■ WORK TASK: The records that follow are to be repeated exactly, with no pictures carried over.

(Records contained in a dataset)
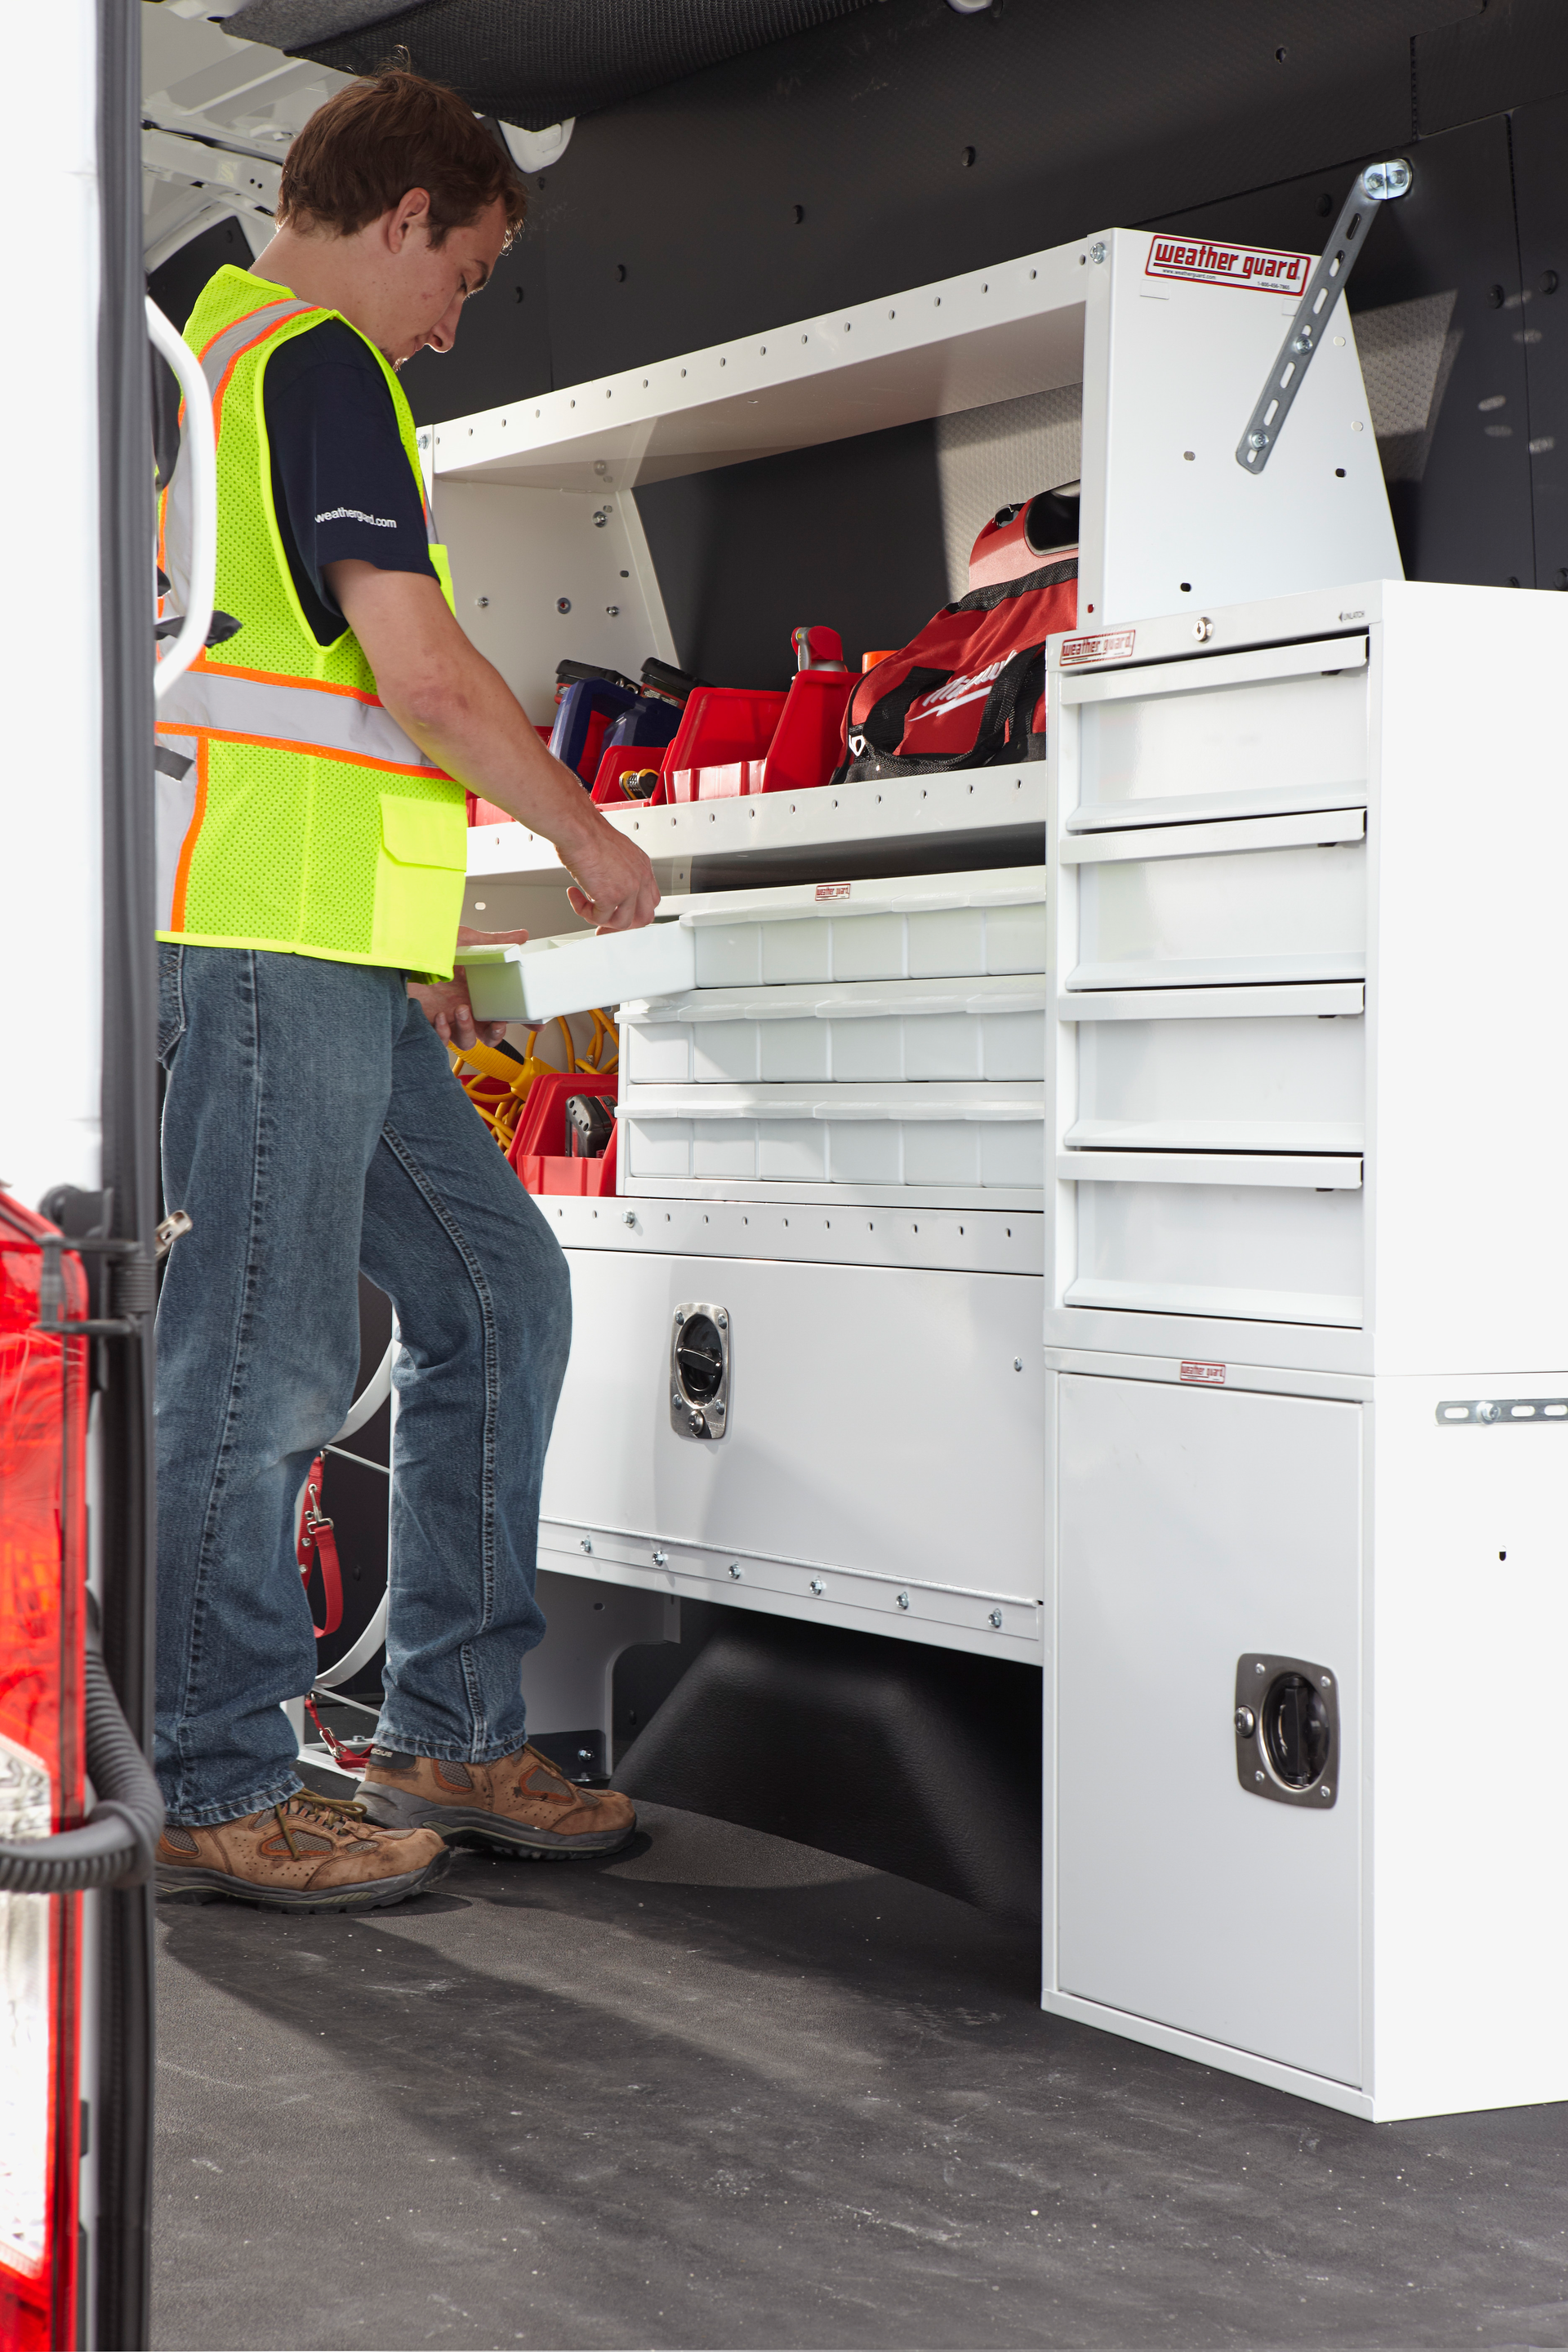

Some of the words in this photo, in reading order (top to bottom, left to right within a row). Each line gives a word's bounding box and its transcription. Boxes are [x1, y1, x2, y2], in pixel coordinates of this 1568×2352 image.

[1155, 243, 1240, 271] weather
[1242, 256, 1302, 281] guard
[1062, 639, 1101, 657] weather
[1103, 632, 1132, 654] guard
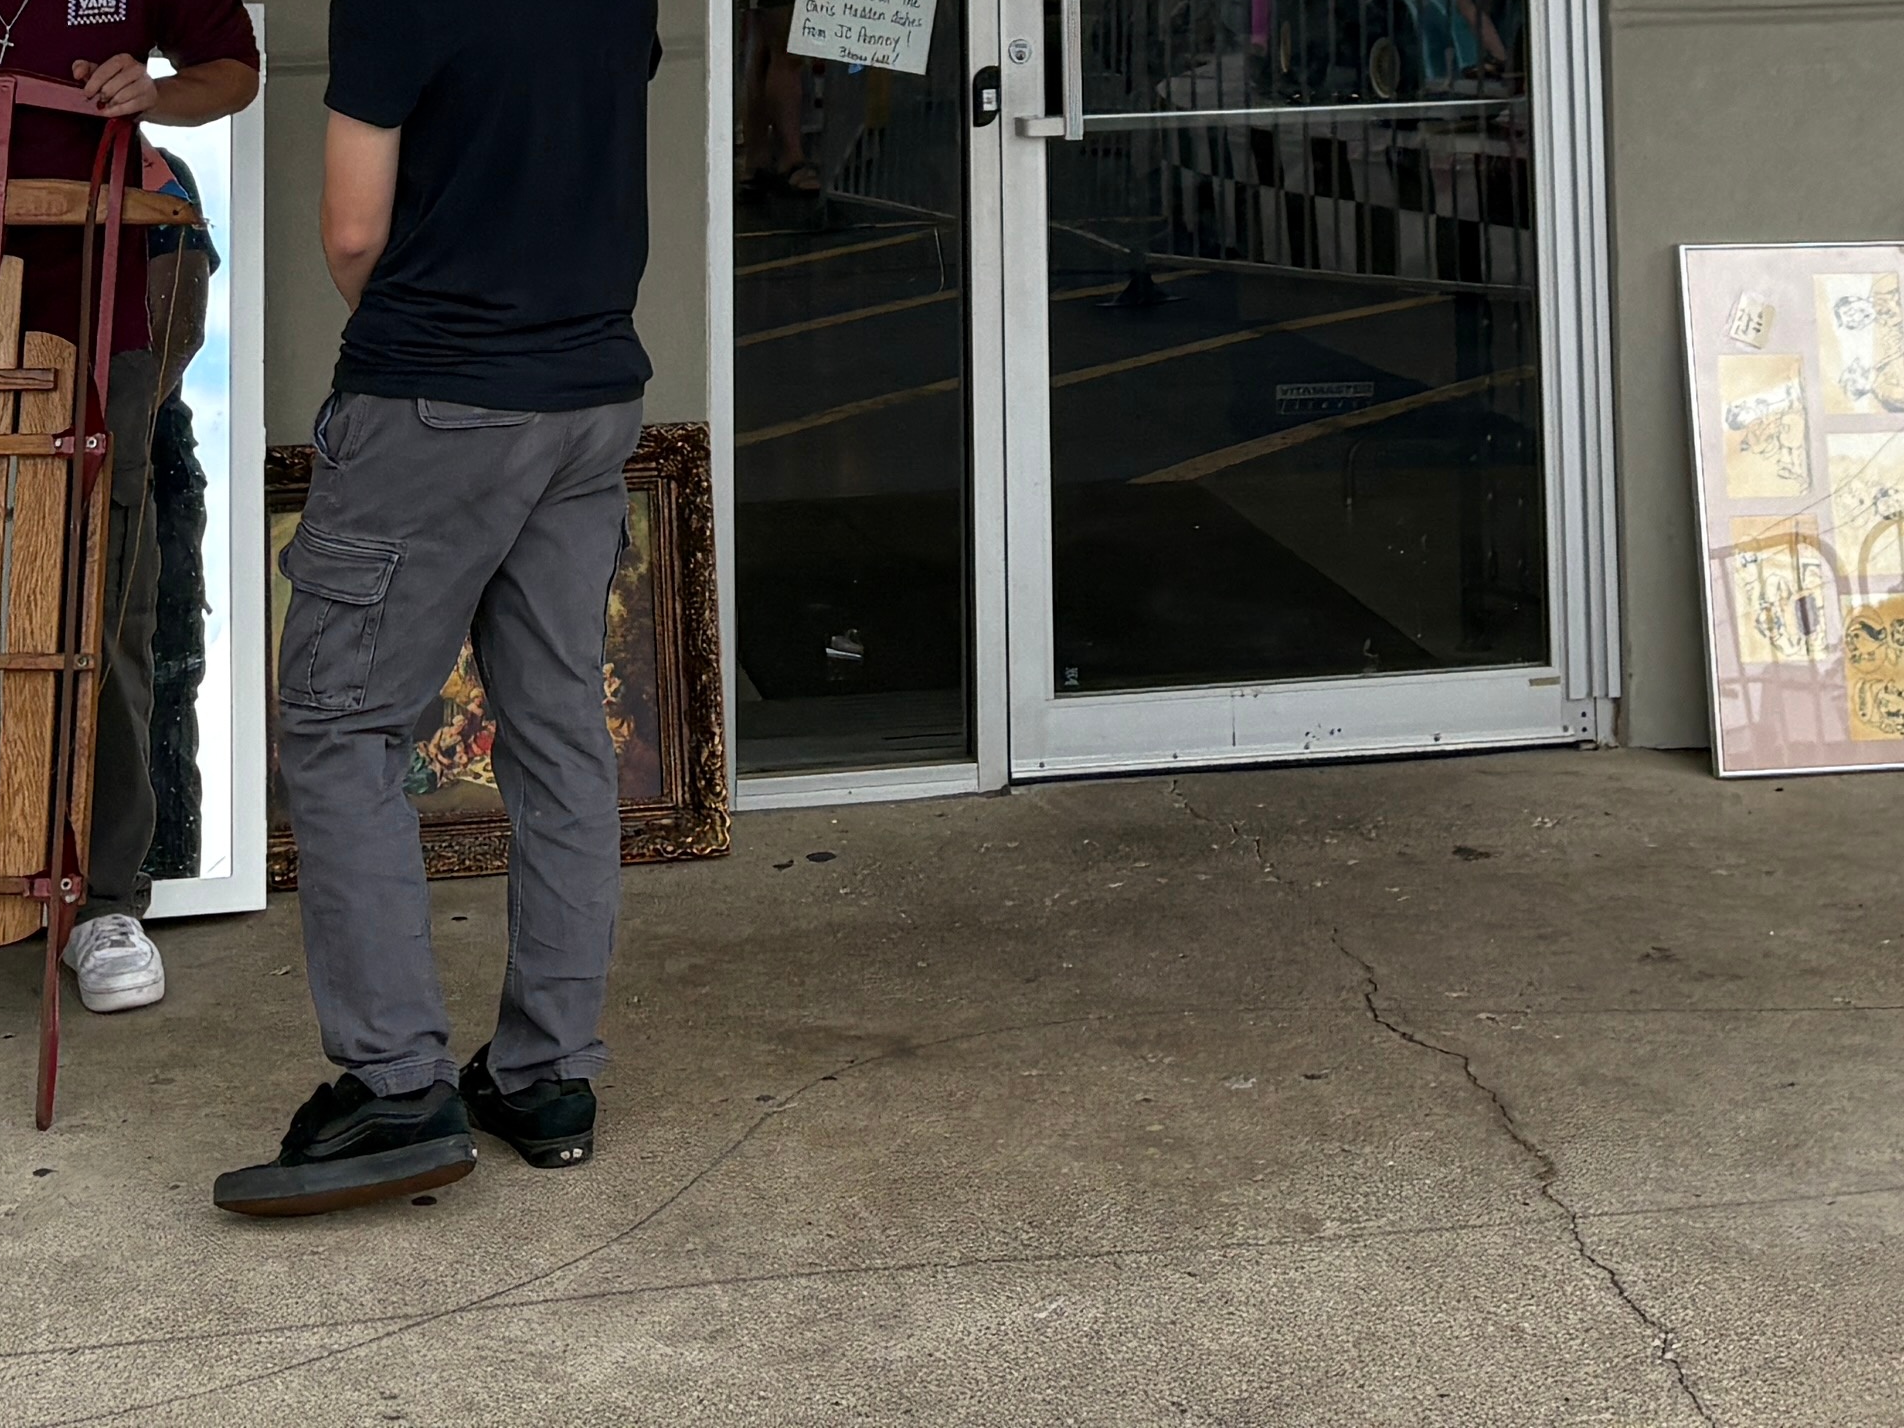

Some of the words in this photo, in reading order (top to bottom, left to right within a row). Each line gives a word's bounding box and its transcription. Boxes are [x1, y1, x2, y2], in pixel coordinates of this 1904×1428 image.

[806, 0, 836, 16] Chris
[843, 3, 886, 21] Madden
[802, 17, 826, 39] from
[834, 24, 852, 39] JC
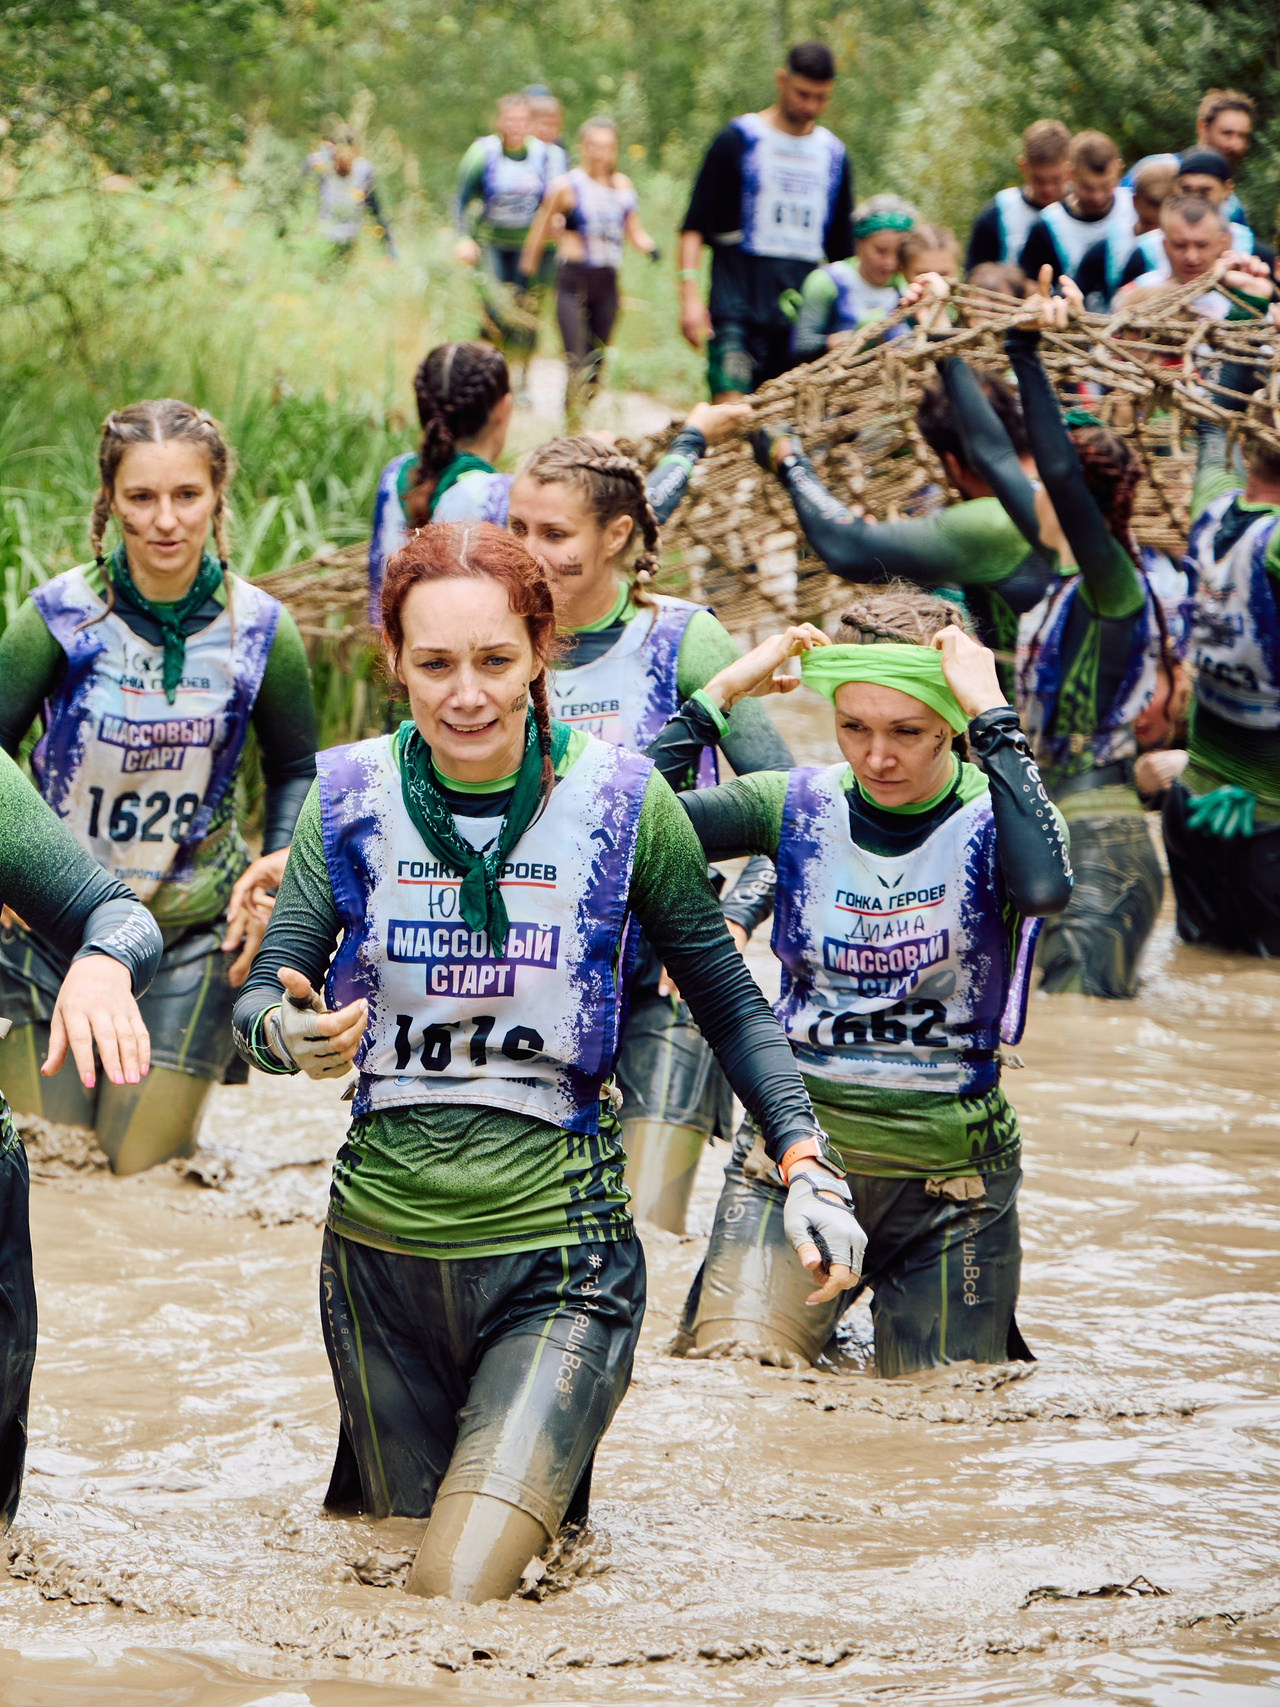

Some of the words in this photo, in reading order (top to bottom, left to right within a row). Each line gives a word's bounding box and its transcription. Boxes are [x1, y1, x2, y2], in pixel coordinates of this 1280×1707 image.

■ COMPLETED EXERCISE:
Some of the words in this photo, in reading order (top to bottom, left to right within a row). Each line gives a word's bounding box and its transcription. Boxes are [x1, y1, x2, y2], in pixel coordinates of this 1568×2352 image.

[1155, 243, 1240, 271] weather
[1242, 256, 1302, 281] guard
[1062, 639, 1101, 657] weather
[1103, 632, 1132, 654] guard

Some of the words in this photo, in reading order (top to bottom, left to right within a row). Each line gives a word's bounding box and its transcription. Boxes are [x1, y1, x2, y2], in pixel coordinates of this 1904×1428 image.

[806, 0, 836, 16] Chris
[843, 3, 886, 21] Madden
[802, 17, 826, 39] from
[834, 24, 852, 39] JC

Some of the words in this photo, in reading order (top to bottom, left to right within a row). Each line gives a word's bounding box and its transcription. Boxes are [x1, y1, x2, y2], in pixel coordinates of this 1280×1707 image.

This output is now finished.